Rev. 3 — 1 September 2015
© Ampleon The Netherlands B.V. 2015. All rights reserved.
2 of 27
AN10858
174 MHz to 230 MHz DVB-T power amplfier with the BLF578
1. Introduction
Over the past few years, new product design in the broadcast industry has been
dominated by emerging digital modulation standards, particularly for new digital terrestrial
television transmitter systems.
DVB-T OFDM modulation produces crest factors of around 13 dB, causing peak power
levels within transmitter power amplifiers of more than 20 times the average (thermal)
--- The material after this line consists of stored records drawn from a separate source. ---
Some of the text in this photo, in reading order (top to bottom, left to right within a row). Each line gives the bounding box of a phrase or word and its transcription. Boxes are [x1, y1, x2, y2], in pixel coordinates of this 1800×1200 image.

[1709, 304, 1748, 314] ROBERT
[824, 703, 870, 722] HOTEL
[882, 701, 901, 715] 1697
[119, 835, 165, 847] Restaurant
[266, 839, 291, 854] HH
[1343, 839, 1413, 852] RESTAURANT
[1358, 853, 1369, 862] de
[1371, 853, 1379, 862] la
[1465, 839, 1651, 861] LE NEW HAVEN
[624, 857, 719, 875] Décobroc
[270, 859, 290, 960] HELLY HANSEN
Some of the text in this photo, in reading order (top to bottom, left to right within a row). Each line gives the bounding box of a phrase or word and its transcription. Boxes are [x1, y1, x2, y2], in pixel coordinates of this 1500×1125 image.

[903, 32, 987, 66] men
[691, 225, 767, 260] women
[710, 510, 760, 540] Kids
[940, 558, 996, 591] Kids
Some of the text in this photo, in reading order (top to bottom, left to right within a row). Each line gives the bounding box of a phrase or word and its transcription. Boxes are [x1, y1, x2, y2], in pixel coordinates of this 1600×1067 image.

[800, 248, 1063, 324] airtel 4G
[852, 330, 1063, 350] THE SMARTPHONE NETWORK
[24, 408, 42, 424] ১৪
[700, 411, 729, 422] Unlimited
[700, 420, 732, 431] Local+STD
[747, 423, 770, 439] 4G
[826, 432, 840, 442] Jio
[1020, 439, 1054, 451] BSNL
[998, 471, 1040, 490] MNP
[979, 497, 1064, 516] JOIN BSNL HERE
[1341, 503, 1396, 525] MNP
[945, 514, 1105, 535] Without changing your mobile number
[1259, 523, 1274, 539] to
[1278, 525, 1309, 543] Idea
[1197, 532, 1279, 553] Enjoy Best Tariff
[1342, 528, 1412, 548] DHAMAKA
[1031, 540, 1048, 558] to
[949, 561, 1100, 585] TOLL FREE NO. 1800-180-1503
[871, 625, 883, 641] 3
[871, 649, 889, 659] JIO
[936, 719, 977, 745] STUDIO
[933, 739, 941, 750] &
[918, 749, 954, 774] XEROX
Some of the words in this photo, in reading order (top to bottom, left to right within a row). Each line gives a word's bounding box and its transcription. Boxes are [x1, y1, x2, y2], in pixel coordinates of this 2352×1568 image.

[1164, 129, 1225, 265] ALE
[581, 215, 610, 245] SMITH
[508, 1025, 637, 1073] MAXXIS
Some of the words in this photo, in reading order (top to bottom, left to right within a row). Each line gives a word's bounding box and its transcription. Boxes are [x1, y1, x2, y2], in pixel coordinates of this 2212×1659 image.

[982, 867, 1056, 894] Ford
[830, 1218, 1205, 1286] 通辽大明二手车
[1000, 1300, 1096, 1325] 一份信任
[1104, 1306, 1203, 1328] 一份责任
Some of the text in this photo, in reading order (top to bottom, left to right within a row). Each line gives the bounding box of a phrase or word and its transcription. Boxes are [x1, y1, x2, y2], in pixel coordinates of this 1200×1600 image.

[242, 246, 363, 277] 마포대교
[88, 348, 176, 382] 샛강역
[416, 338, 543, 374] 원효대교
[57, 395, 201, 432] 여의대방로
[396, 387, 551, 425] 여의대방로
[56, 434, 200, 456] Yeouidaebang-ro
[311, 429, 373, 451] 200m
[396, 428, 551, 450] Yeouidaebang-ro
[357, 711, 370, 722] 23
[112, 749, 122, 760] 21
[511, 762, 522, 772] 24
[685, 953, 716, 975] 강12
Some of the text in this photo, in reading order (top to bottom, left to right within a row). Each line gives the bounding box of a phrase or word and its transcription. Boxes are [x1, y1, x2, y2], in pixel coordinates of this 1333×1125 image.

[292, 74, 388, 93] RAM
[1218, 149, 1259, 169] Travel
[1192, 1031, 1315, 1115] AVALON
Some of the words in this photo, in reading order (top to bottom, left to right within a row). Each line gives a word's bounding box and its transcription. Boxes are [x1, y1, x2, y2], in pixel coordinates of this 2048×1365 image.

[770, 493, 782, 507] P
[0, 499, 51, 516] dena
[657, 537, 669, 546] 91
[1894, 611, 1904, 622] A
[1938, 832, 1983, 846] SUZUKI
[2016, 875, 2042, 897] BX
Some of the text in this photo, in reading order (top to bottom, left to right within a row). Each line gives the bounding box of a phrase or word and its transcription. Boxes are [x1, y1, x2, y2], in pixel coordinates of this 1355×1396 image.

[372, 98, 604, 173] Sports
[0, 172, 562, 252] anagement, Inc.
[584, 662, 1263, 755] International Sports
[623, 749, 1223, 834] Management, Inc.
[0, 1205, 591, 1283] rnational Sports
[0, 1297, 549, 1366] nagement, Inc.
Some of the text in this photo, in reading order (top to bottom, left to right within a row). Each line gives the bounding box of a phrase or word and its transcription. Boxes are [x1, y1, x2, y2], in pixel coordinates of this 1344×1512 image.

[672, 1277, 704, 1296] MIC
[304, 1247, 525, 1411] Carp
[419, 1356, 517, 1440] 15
power level. These high peak powers create design challenges, such as determining the
size and shape of RF components suitable for short voltage peaks, and which are often
critical. However, the low average power presents an opportunity to use high-power
components in more compact designs than would be possible if continuous operation at
peak power were required.
The BLF578 is a 1200 W LDMOS power transistor for broadcast transmitter applications
and industrial applications from 10 MHz to 500 MHz. The transistor can deliver an
average of 200 W DVB-T over the full VHF band. The excellent ruggedness of this device
makes it ideal for digital transmitter applications. This application note describes the use
of the BLF578 in the design of a compact broadband power amplifier intended for
high-PAR DVB-T service in the 174 MHz to 230 MHz VHF television band.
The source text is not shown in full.